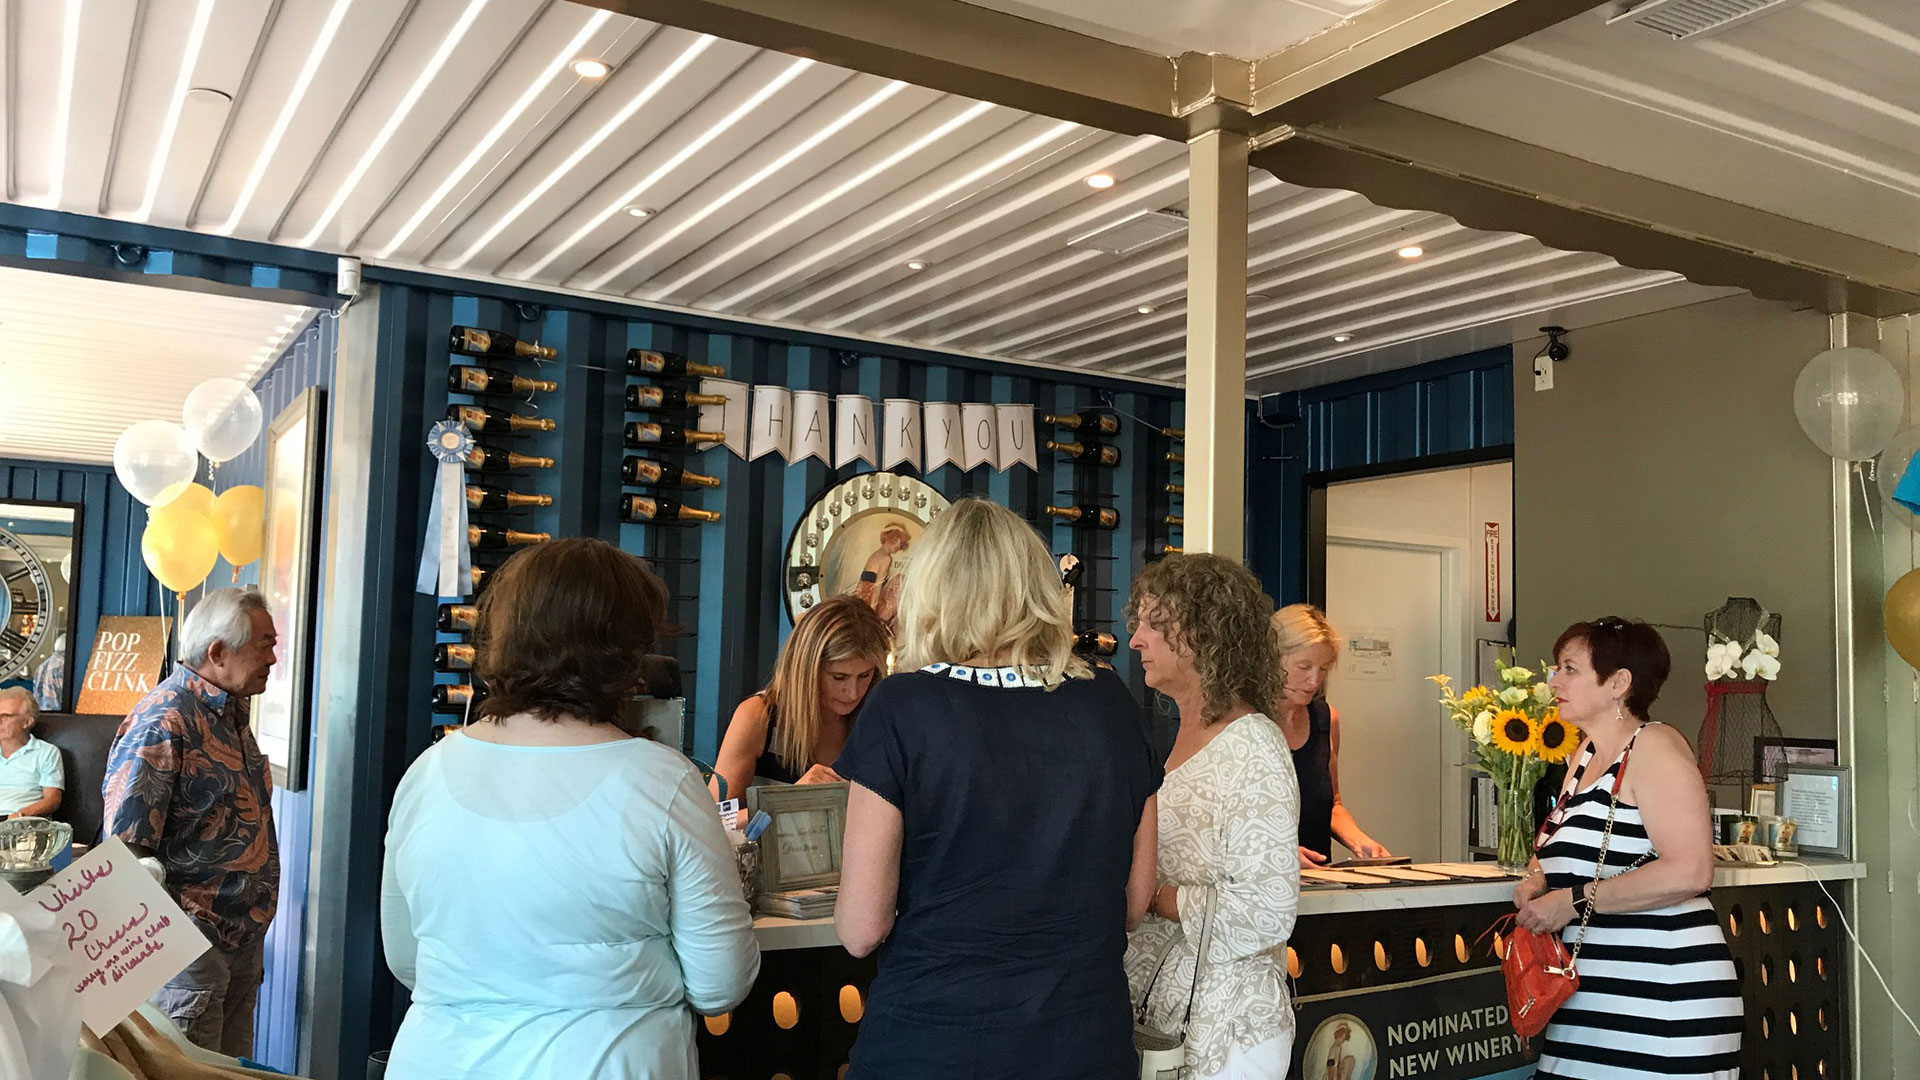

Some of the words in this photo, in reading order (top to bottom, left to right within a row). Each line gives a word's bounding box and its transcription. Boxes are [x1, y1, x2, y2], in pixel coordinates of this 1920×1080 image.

[941, 418, 1024, 451] YOU
[1486, 529, 1499, 538] FIRE
[97, 631, 141, 652] POP
[92, 651, 140, 672] FIZZ
[87, 671, 153, 693] CLINK
[62, 909, 98, 951] 20
[120, 936, 142, 956] wine
[1387, 1005, 1509, 1047] NOMINATED
[1389, 1049, 1439, 1080] NEW
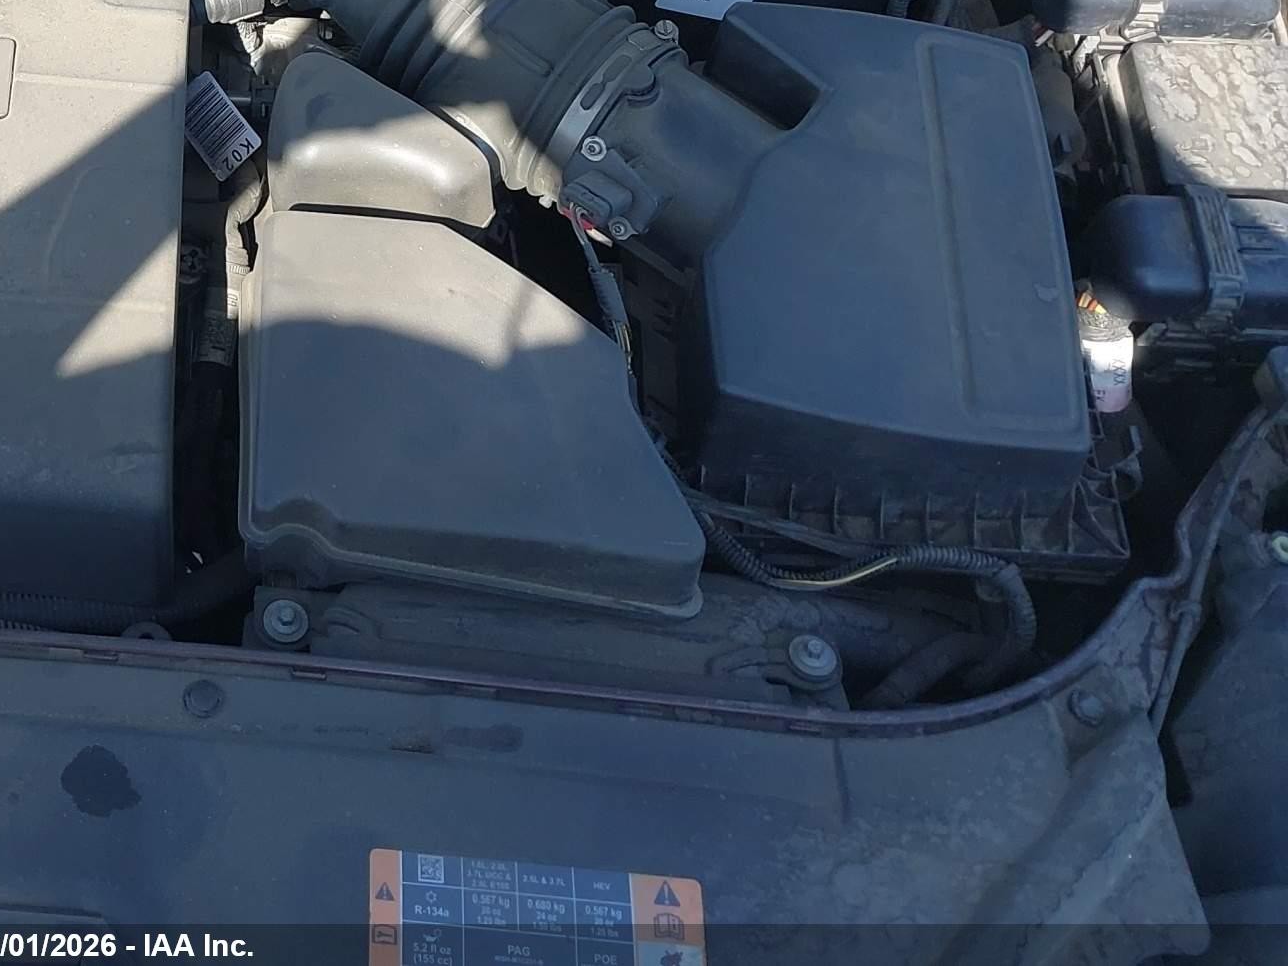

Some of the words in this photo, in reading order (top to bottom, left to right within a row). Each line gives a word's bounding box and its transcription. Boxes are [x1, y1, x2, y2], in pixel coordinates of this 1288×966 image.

[222, 137, 255, 172] K02
[593, 882, 611, 891] HEV
[414, 904, 450, 918] R-134a
[611, 908, 623, 921] kg
[413, 942, 429, 954] 5.2
[440, 945, 452, 955] oz
[507, 945, 531, 956] PAG
[413, 953, 437, 965] (155
[438, 956, 453, 966] cc)
[593, 953, 618, 964] POE
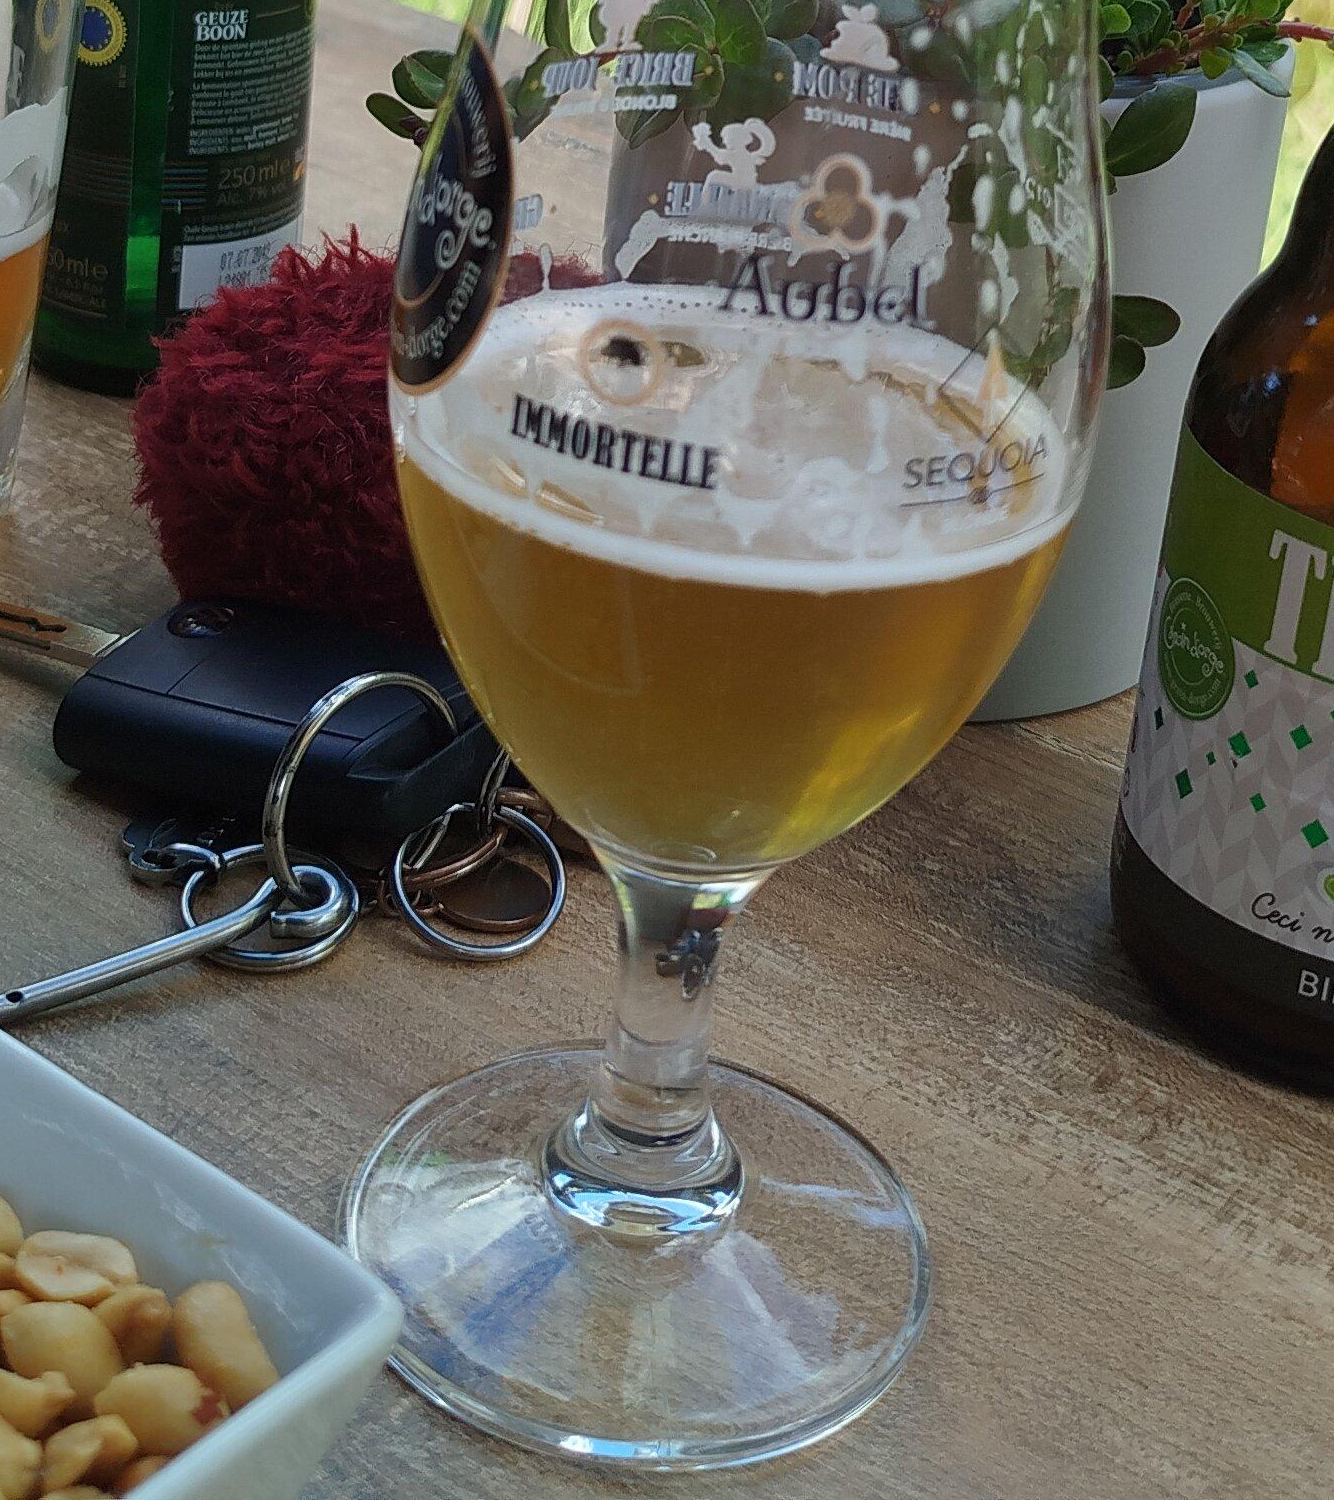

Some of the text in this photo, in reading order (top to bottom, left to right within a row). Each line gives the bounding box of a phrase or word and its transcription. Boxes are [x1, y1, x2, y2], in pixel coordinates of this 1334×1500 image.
◇ ◇ ◇ ◇ ◇
WORK INSTRUCTION –
Wherever a picture appears in the records, omit it, and transcribe everything else exactly.

RESPONSE BOX –
Some of the words in this photo, in reading order (top to bottom, left to right within a row). Each line gives a word's bounding box and its transcription. Boxes are [x1, y1, x2, y2], in pixel coordinates of this 1920×1080 image.

[941, 418, 1024, 451] YOU
[1486, 529, 1499, 538] FIRE
[97, 631, 141, 652] POP
[92, 651, 140, 672] FIZZ
[87, 671, 153, 693] CLINK
[62, 909, 98, 951] 20
[120, 936, 142, 956] wine
[1387, 1005, 1509, 1047] NOMINATED
[1389, 1049, 1439, 1080] NEW

Some of the words in this photo, in reading order (top to bottom, left to right within a row). Each line gives a word's bounding box and its transcription. Boxes are [x1, y1, x2, y2], in pixel coordinates of this 1288×966 image.

[222, 137, 255, 172] K02
[593, 882, 611, 891] HEV
[414, 904, 450, 918] R-134a
[611, 908, 623, 921] kg
[413, 942, 429, 954] 5.2
[440, 945, 452, 955] oz
[507, 945, 531, 956] PAG
[413, 953, 437, 965] (155
[438, 956, 453, 966] cc)
[593, 953, 618, 964] POE

Some of the text in this photo, in reading order (top to bottom, left to right within a row). Each line gives the bounding box of a phrase or word and its transcription. Boxes are [x1, y1, x2, y2], in pixel coordinates of this 1334×1500 image.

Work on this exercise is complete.